Islam is a topic frequently viewed through a limited lens in contemporary cinema, particularly what is produced by and catered to North Americans. Such is not the case with Timbuktu, Abderrahmane Sissako’s first feature film in 7 years. For audiences accustomed to seeing demonized, one-note portrayals of a small, extremist faction of Muslims on screen, Timbuktu’s insight into the religion feels like a momentous breath of fresh air. In the wake of the terrorist attacks in France and Nigeria, the latter of which is still sidelined by mainstream media, it’s hard to think of a moment when conversations about Muslims and their relationship to fundamentalism would have been timelier than now. Sissako has said he was inspired to make Timbuktu a few years ago, when he opined the lack of attention given to the stoning of an unmarried Malian couple, who were charged with adultery. Timbuktu is his attempt at dramatizing their story, along with other paralleling plots, and it’s a rich, politically nuanced, and painterly portrait of life in rural Mali.

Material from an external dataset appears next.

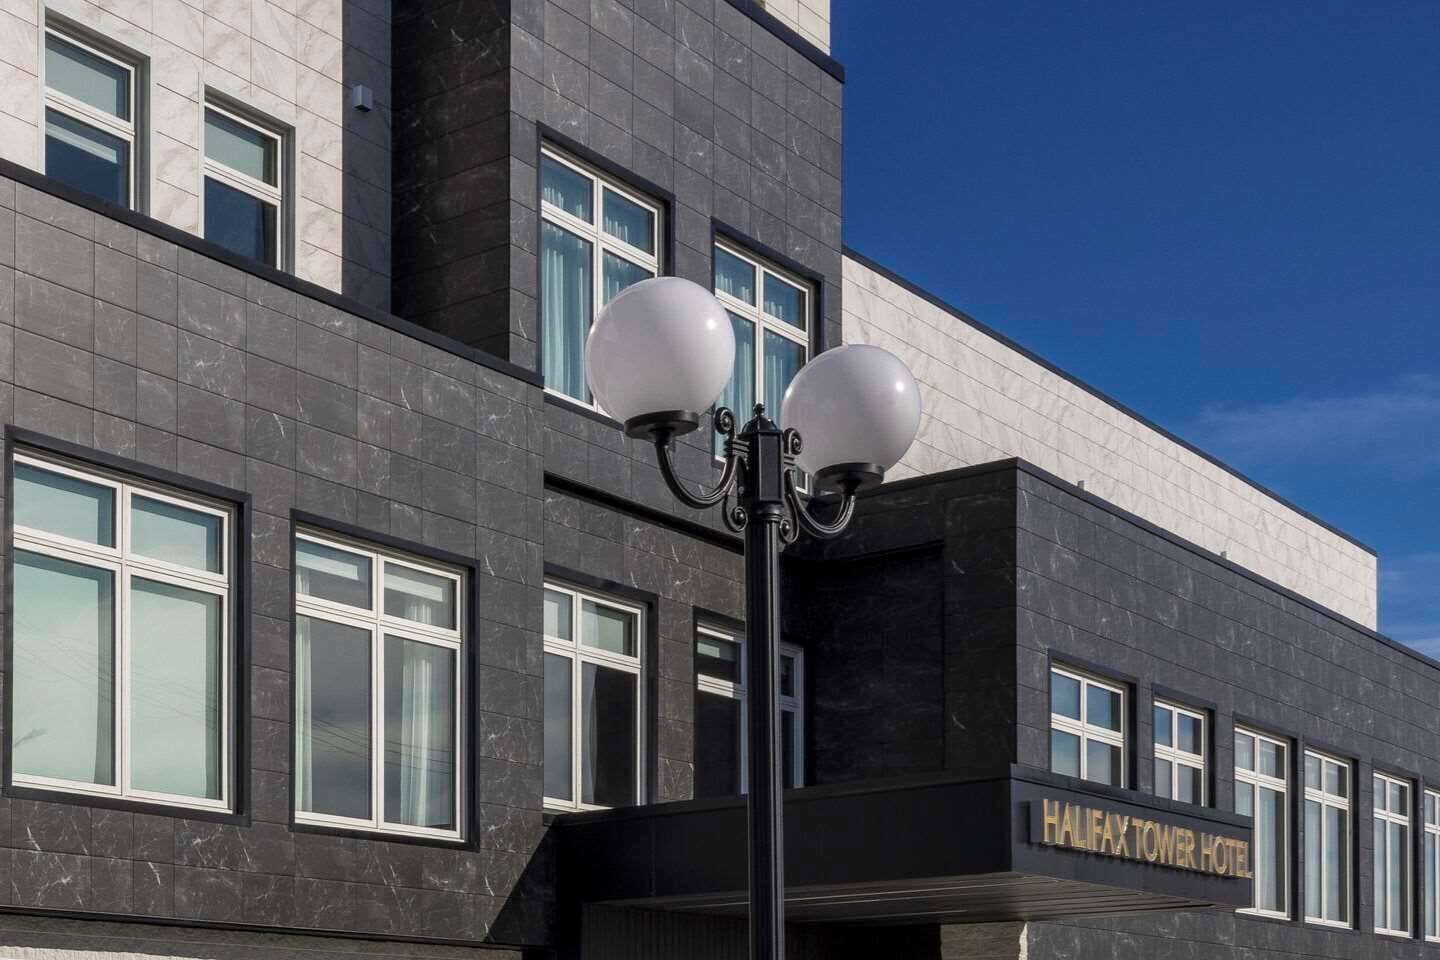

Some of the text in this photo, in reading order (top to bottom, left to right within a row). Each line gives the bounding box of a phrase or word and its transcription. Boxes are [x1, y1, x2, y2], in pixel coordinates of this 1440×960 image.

Timbuktu‘s kaleidoscopic structure cross-cuts between the unmarried couple and a large cast of characters connected by the virtue of their geographical proximity. A man, his wife, and daughter pass their days in a tent, taking care of their small herd of eight cows. A fisherman sets up his nets in the same lake as the cows drink. Islamic militants force themselves onto public spaces in nearby towns, making announcements about religiously acceptable behaviour. A local imam pleads with the mujahedeen to refrain from violence in the community. Local women fight against fanatical intolerance as kids fight for their passion for football. All these stories are loosely tied by a tenuous link to the decentralized and vigilante local justice system. Timbuktu‘s first half is devoted to running these paralleling narratives in rapidly cut, short segments, but the film never loses its fluidity as the dots begin to connect and the characters inch closer toward one another.
As Sissako traverses between stories, languages, and religions, the tone of the film shifts as well. A sequence in the first half shows a group of young boys playing football without a ball, because having footballs, or any element of earthly joy, is banned by the local militia. The boys play as though they’re unaware of the absence of the ball, passionately tackling and celebrating, thus giving this sequence quite an incantatory feel. This scene is immediately succeeded by one in which the audience witnesses a murder. The gruesome display is shot in a lush, extreme long shot. Its awe-inspiring beauty is at stark odds with the violence at its heart.
Sissako employs absurdist humor to deal with some of the more challenging elements of his film—particularly with respect to Islamic extremism and how it can often be a socio-economic construct, rather than a religious one. Nowhere is this funnier or more incisive than the scene wherein Sissako deconstructs the intimidating video message recordings from fundamentalist rebels, reducing them to a hilarious tête-à-tête between an elder fighter and a younger apprentice whose shaky beliefs in the religion and his mission make for a forced, awkward appearance in front of the camera. These acute tonal shifts neither disrupt the harmony of Timbuktu’s webbed narrative nor diminish Sissako’s keen insight.
What is particularly interesting about Timbuktu is that Sissako finds moments of tenderness and sheer emotional power without sanding the rough edges of his story. A father’s tearful admission of love to his daughter and the soulful singing of a woman while she’s being stoned don’t come across as saccharine devices designed to add humanity to a bleak story that needs it. This is partly indebted to the entire cast’s sensational performances who elevate their characters above archetypes even in the smallest roles, such as the slyly frustrated assistant and driver to the leader of the jihadis. More importantly, Timbuktu’s procession of events doesn’t set the audience up for side-taking, even though there is eventual contempt for the inhumane atrocities committed by the extremists. This isn’t to say Sissako humanizes those who practice stoning and arm-slaying of innocent people, only that he affords them the opportunity to sketch their characters in complicated grey areas, occupied not just by unwavering monstrosity, but also beliefs, doubts, and human intricacies.
Sissako thus achieves a level of genuine poignancy not simply because he is a true master of form at the peak of his career, but also because he understands the texture of the society and the nuances and complexities of a religion as broad in its variety of adherents as Islam. Timbuktu is neither an outsider’s black-and-white vision of the implications of extremism in that region of the world, nor is it a defiant attempt at showing the other of the side of the coin. There are no token characters and no fairy-tales designed merely to make points. These stories are realities that Sissako painfully feels and keenly understands. Through the filmmaker’s poetic vision and rich grasp of the milieu, Timbuktu becomes politically perceptive and emotionally authentic, depicting visceral trauma without hysterics and eye-opening truths without didacticism.